§ **Task goal**: Copy each line below as written, but skip the pictures.

§ **Dataset entries**:
# # #
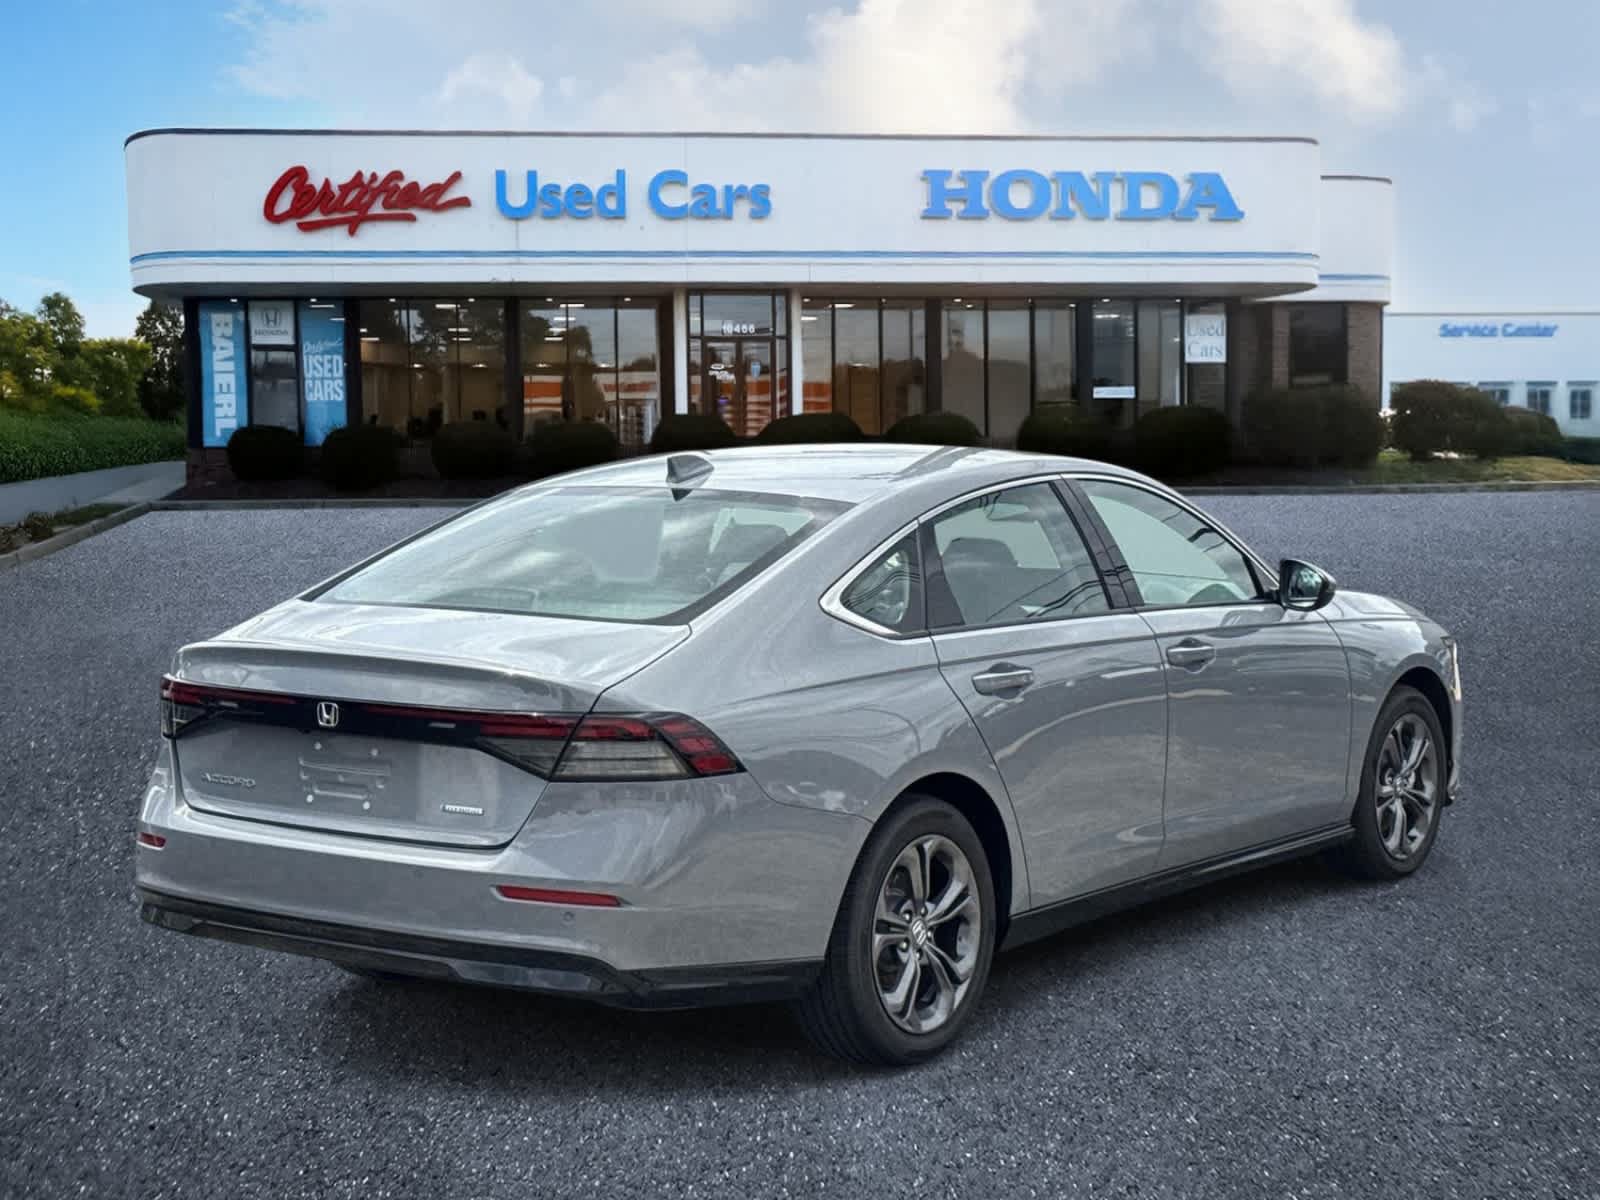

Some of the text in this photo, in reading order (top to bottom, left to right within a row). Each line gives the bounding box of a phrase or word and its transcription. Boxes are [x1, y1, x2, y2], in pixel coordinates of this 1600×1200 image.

[264, 166, 773, 236] Certified Used Cars
[920, 169, 1245, 221] HONDA
[1187, 318, 1224, 336] Used
[1187, 341, 1224, 358] Cars
[211, 313, 237, 436] BAIERL
[303, 354, 343, 378] USED
[304, 379, 344, 401] CARS
# # #
§ **Answer to the exercise**:
Some of the text in this photo, in reading order (top to bottom, left to right within a row). Each line gives the bounding box of a phrase or word and its transcription. Boxes are [x1, y1, x2, y2], in pixel coordinates of this 1600×1200 image.

[264, 166, 773, 236] Certified Used Cars
[920, 169, 1245, 221] HONDA
[1187, 318, 1224, 336] Used
[1187, 341, 1224, 358] Cars
[211, 313, 237, 436] BAIERL
[303, 354, 343, 378] USED
[304, 379, 344, 401] CARS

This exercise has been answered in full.